Provided information –
· · · · ·
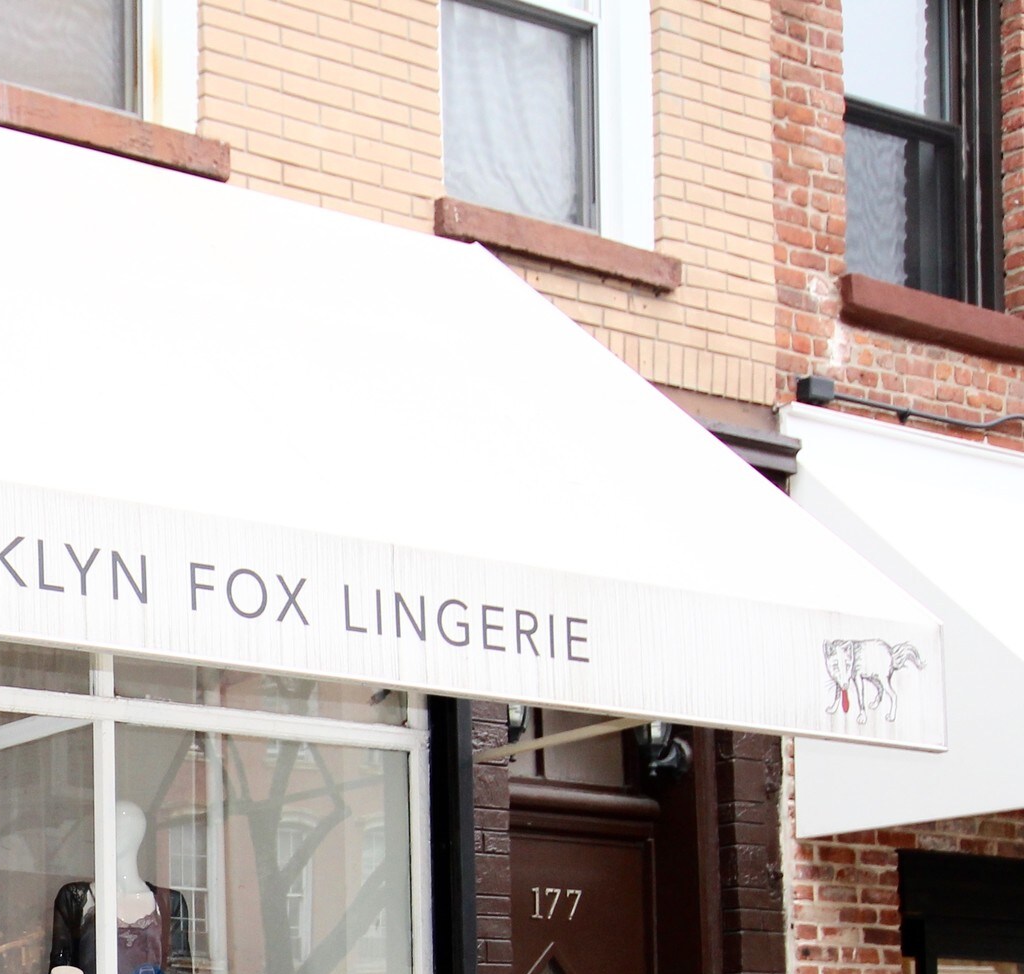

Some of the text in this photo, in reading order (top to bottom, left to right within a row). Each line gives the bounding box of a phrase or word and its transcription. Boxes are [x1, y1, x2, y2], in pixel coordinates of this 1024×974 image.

[189, 562, 310, 626] FOX
[343, 584, 590, 663] LINGERIE
[531, 887, 582, 921] 177
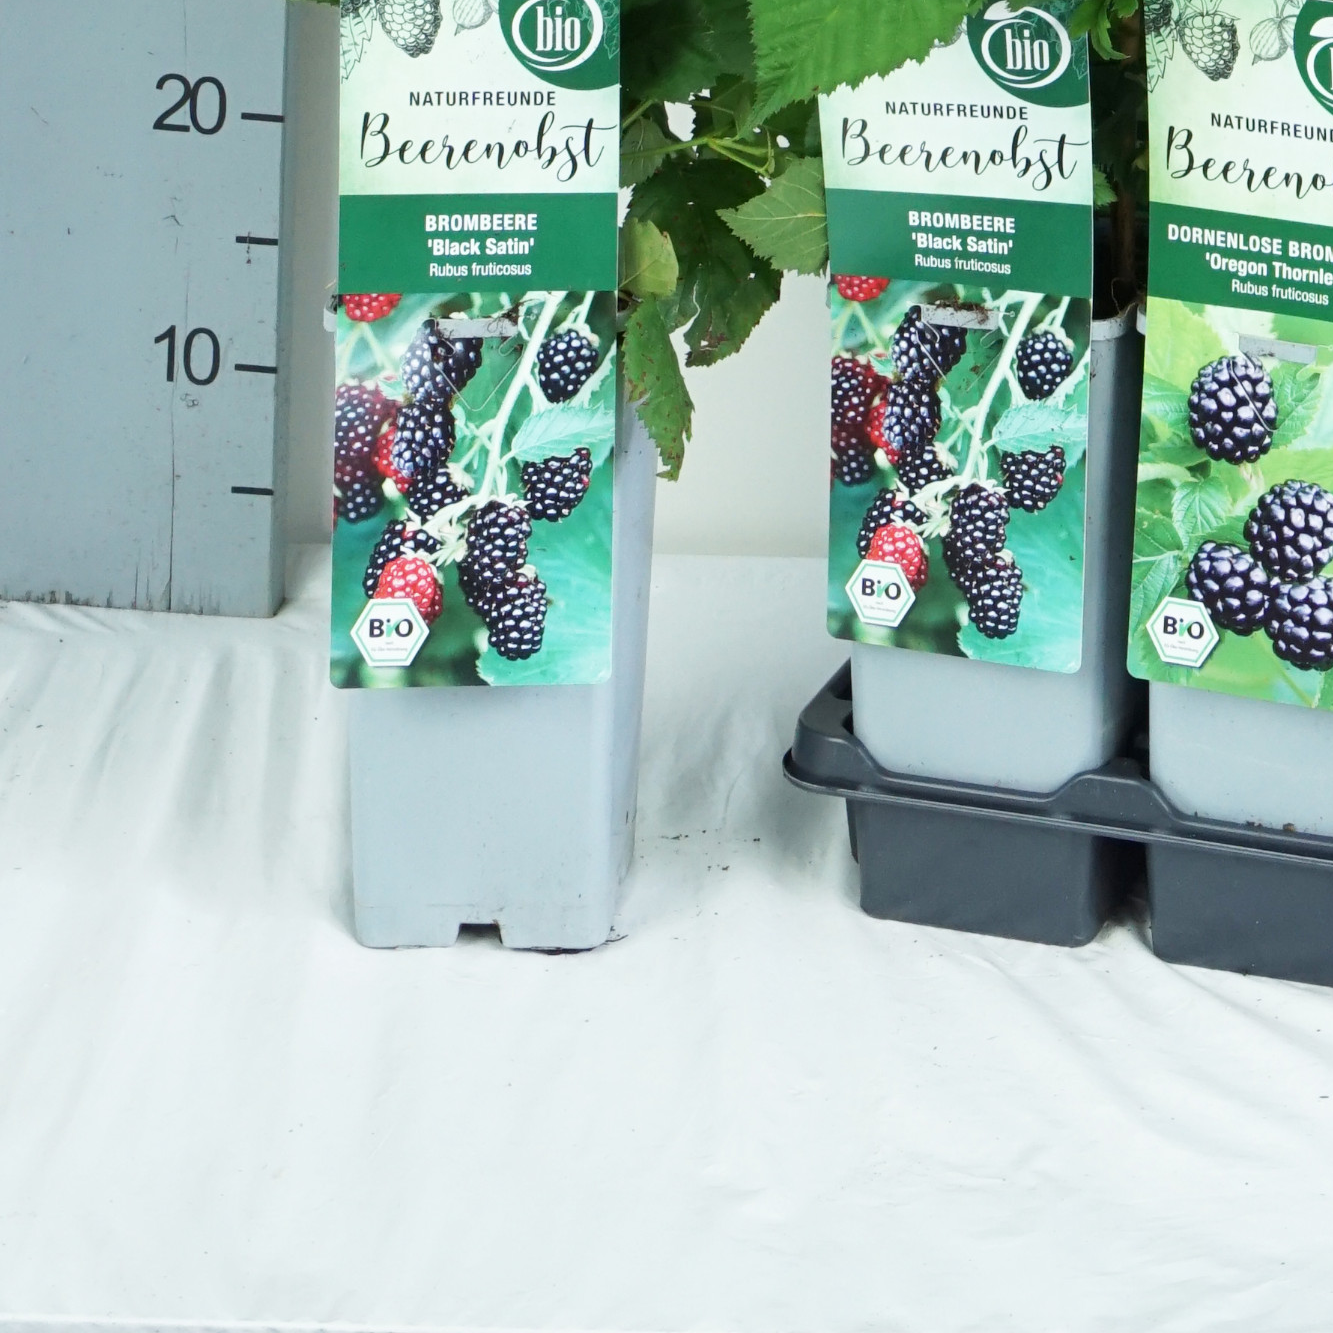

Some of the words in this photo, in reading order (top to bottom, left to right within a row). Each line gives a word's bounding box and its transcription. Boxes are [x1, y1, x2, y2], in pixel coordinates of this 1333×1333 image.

[536, 6, 581, 51] bio
[1004, 28, 1050, 70] bio
[153, 72, 227, 135] 20
[409, 91, 556, 106] NATURFREUNDE
[885, 101, 1028, 120] NATURFREUNDE
[360, 111, 618, 182] Beerenobst
[841, 117, 1090, 191] Beerenobst
[425, 214, 538, 232] BROMBEERE
[908, 210, 1016, 233] BROMBEERE
[428, 238, 480, 256] 'Black
[485, 237, 534, 255] Satin'
[911, 232, 963, 251] 'Black
[966, 236, 1013, 255] Satin'
[1168, 223, 1283, 255] DORNENLOSE
[429, 263, 468, 277] Rubus
[472, 262, 532, 276] fruticosus
[914, 254, 951, 269] Rubus
[954, 256, 1012, 274] fruticosus
[1205, 252, 1268, 279] 'Oregon
[1231, 279, 1268, 297] Rubus
[1271, 284, 1329, 305] fruticosus
[153, 325, 221, 386] 10
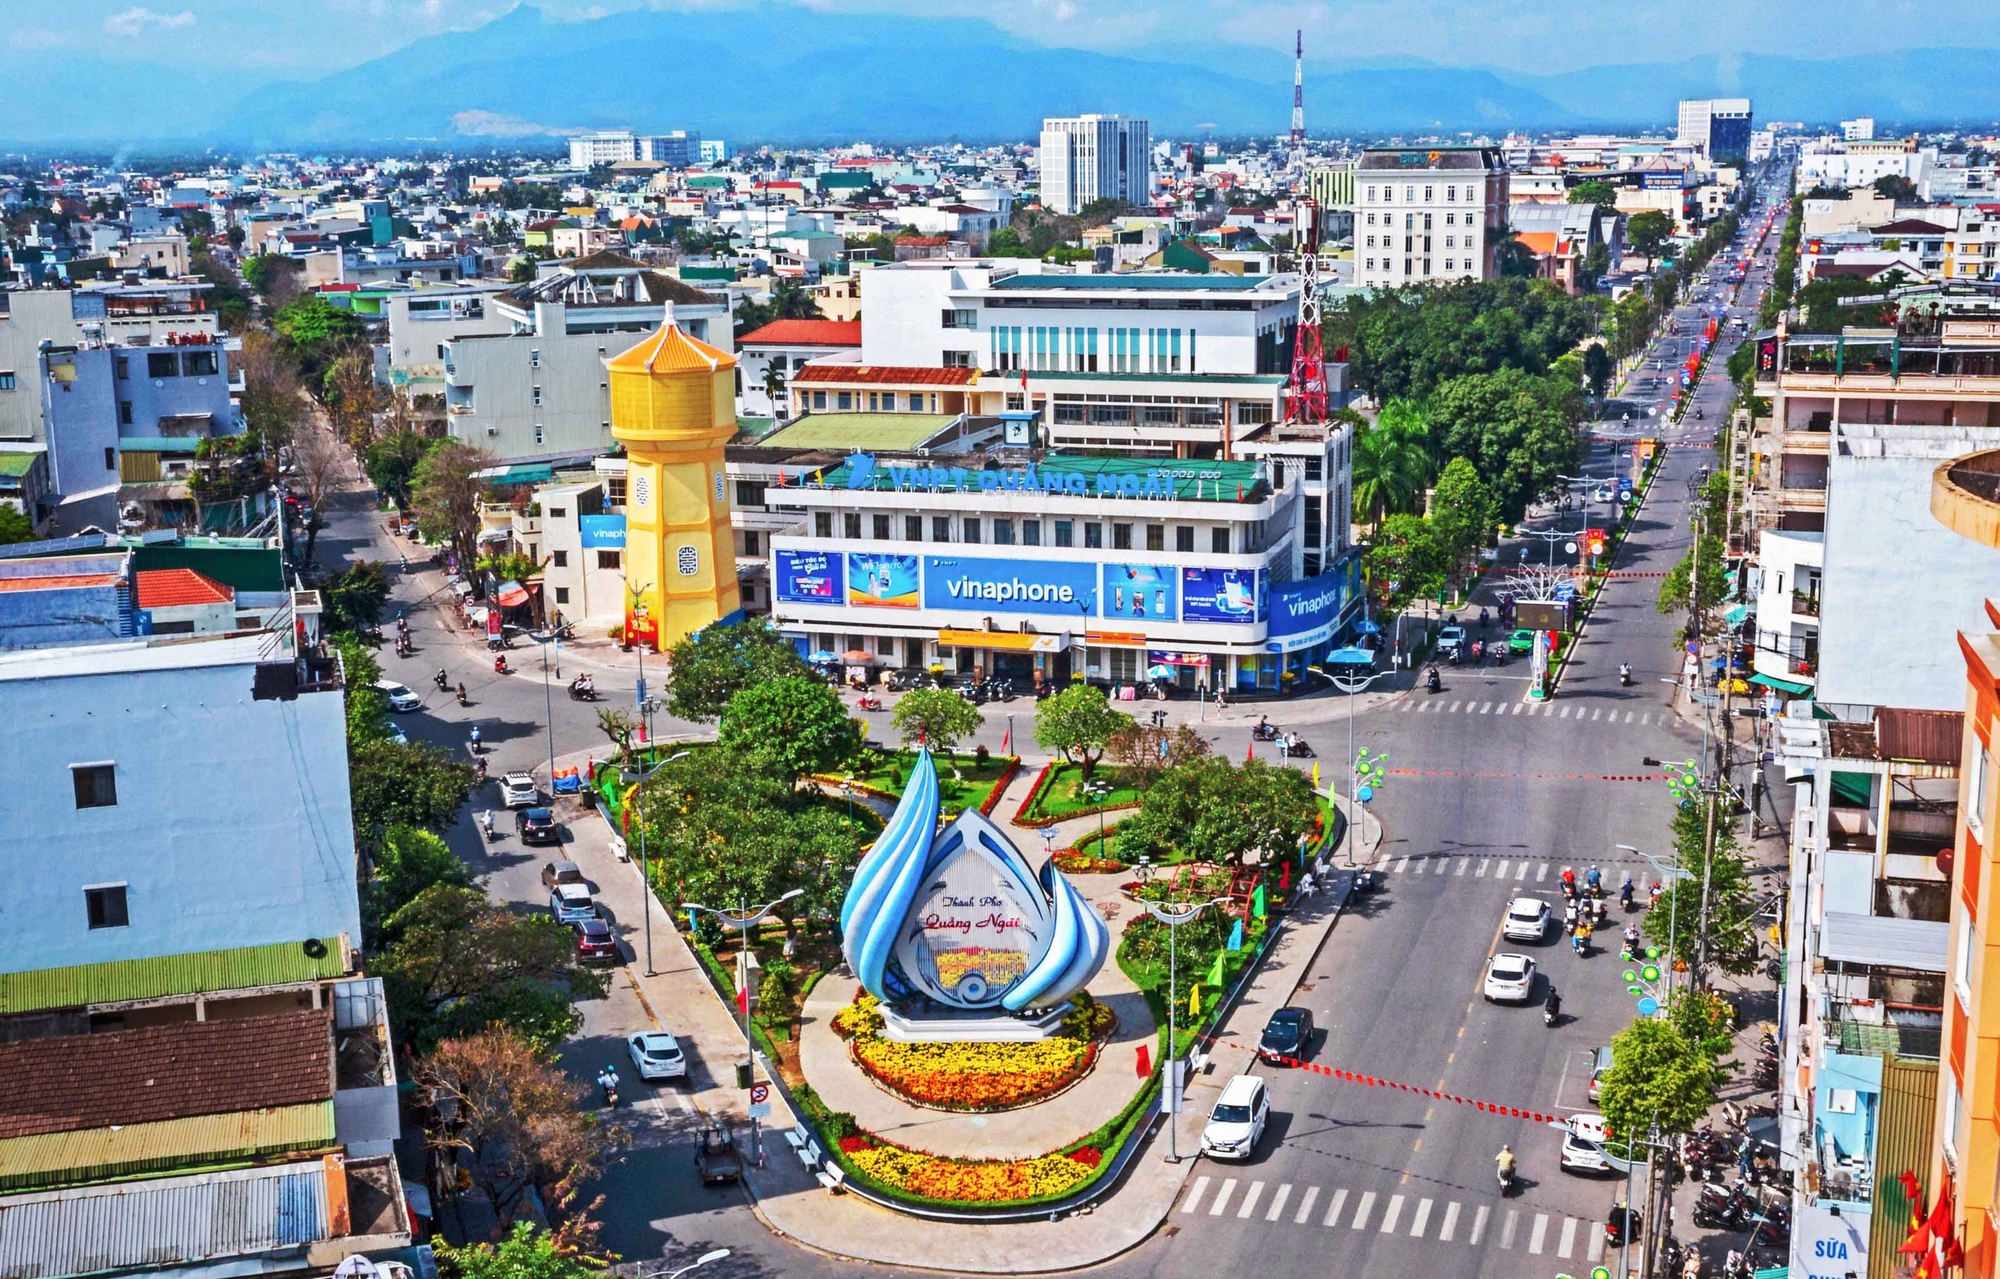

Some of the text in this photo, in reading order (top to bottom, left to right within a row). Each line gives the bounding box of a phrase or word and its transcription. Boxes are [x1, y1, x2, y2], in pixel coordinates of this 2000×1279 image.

[1399, 151, 1427, 164] BIDV
[888, 466, 968, 489] VNPT
[978, 462, 1087, 494] QUẢNG
[947, 575, 1074, 603] vinaphone
[922, 913, 971, 934] Quảng
[1815, 1237, 1848, 1260] SỮA
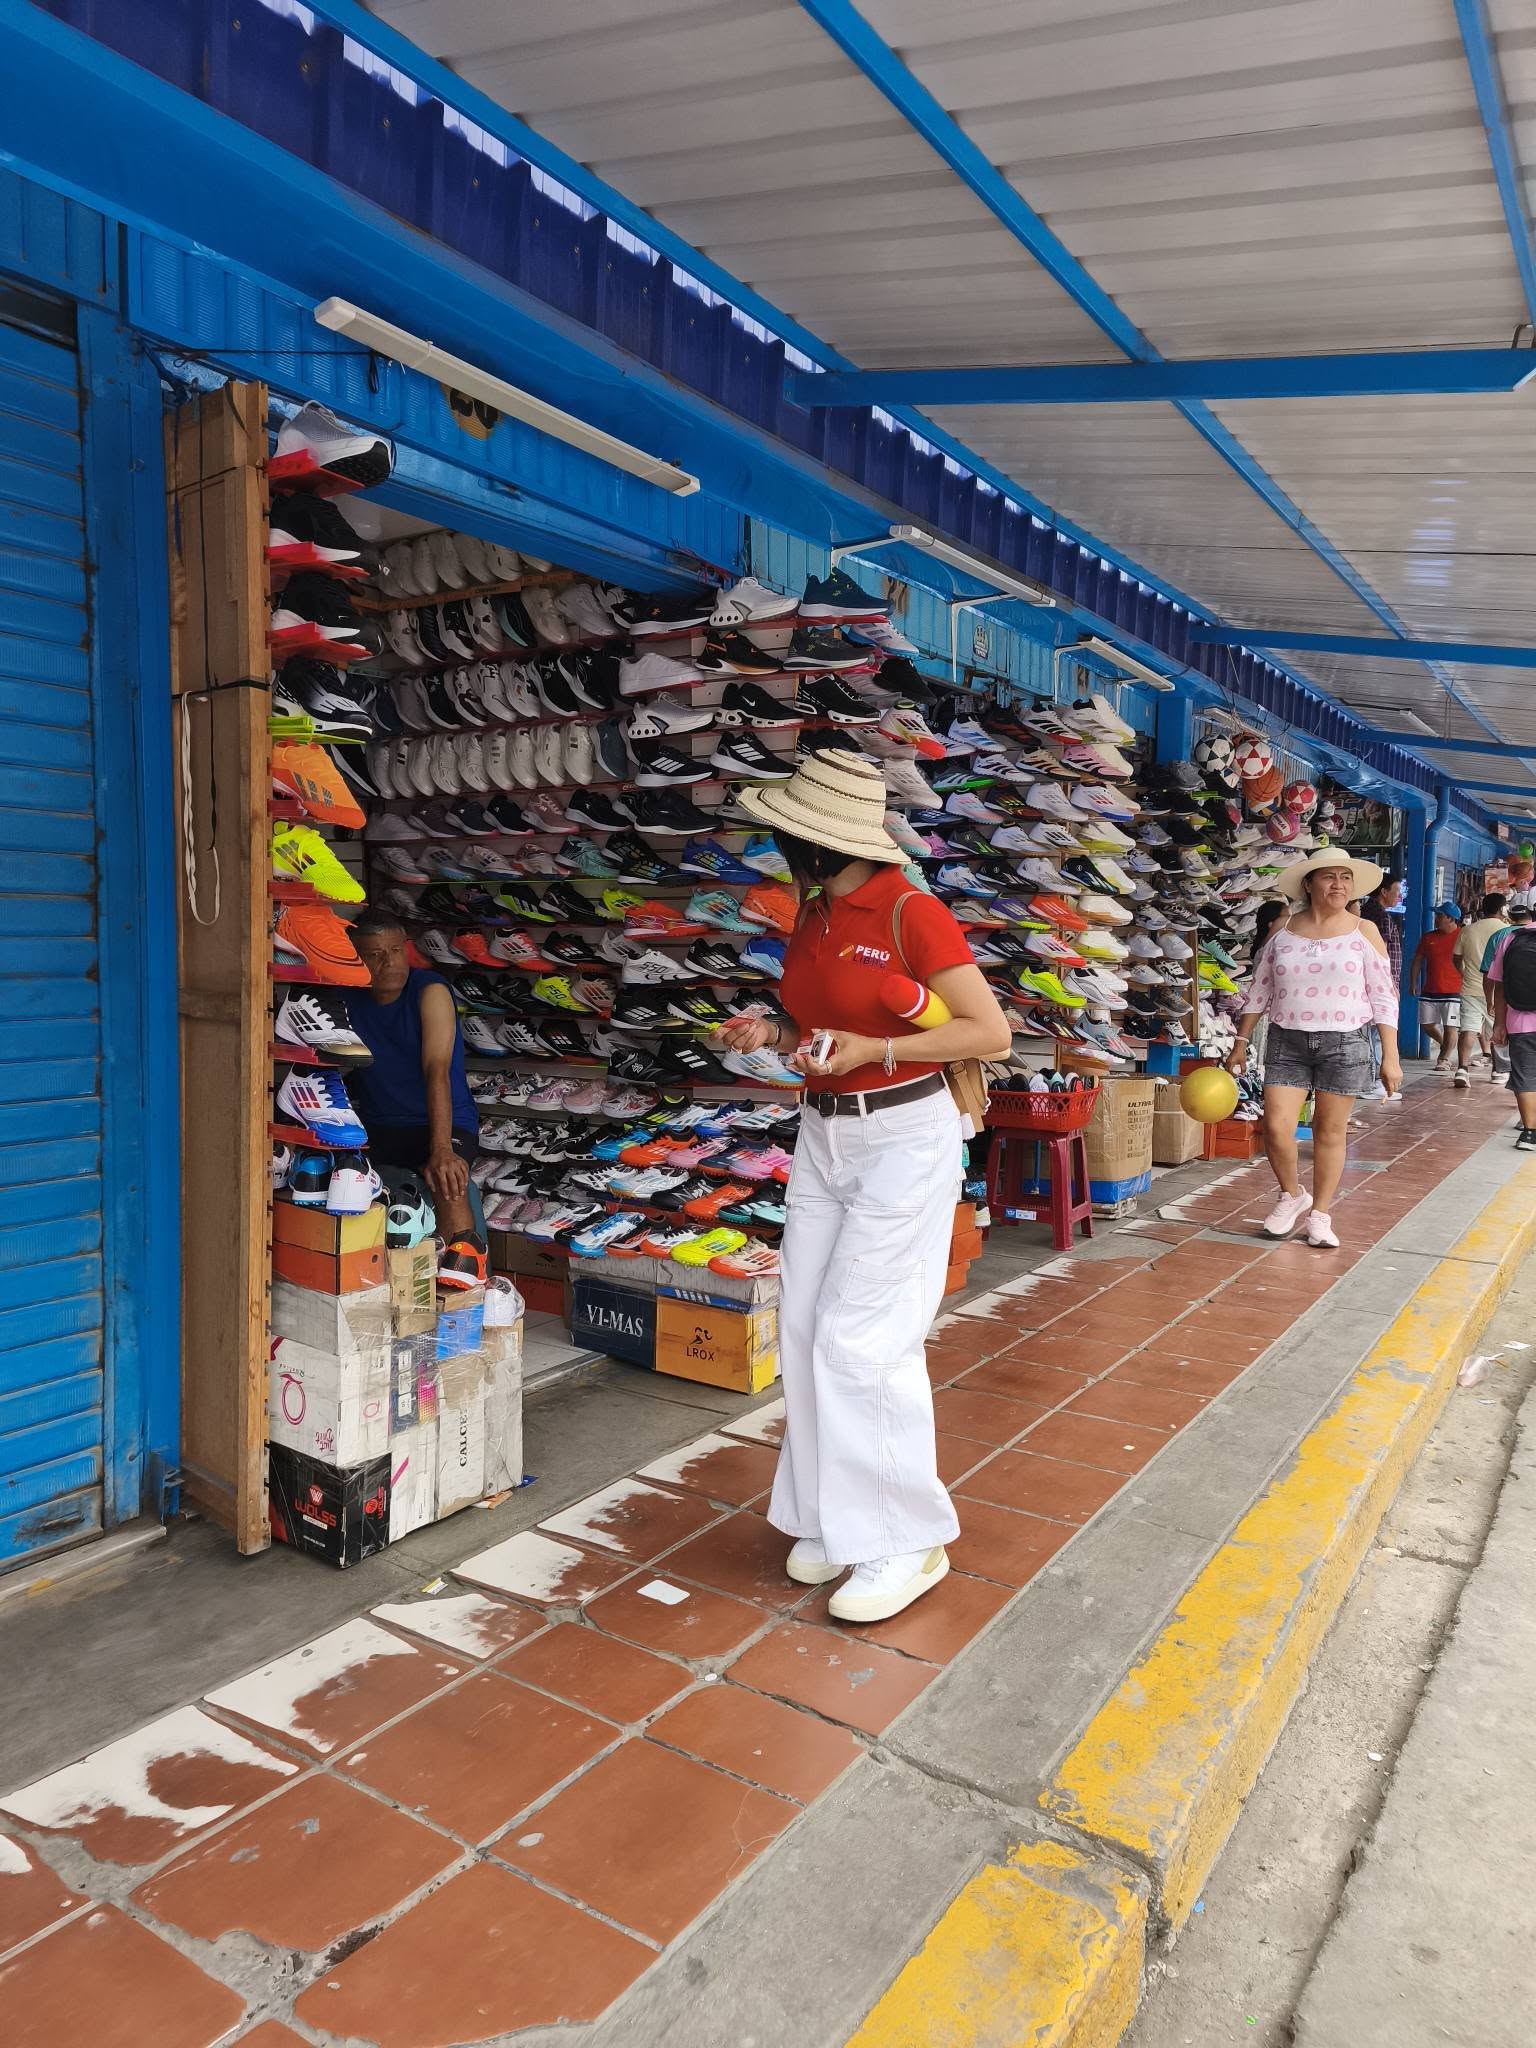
· · · · ·
Would you print, exactly as they appear, the lines from the line with "this 2000×1279 image." through the end of the entries above, leaving out the pictures?

Some of the text in this photo, in reading order (top to bottom, left to right within a row). Each line gives the bounding box of a phrase or word and its transcription. Boxes are [x1, y1, x2, y2], in pixel coordinates of this 2000×1279 image.

[1399, 151, 1427, 164] BIDV
[888, 466, 968, 489] VNPT
[978, 462, 1087, 494] QUẢNG
[947, 575, 1074, 603] vinaphone
[922, 913, 971, 934] Quảng
[1815, 1237, 1848, 1260] SỮA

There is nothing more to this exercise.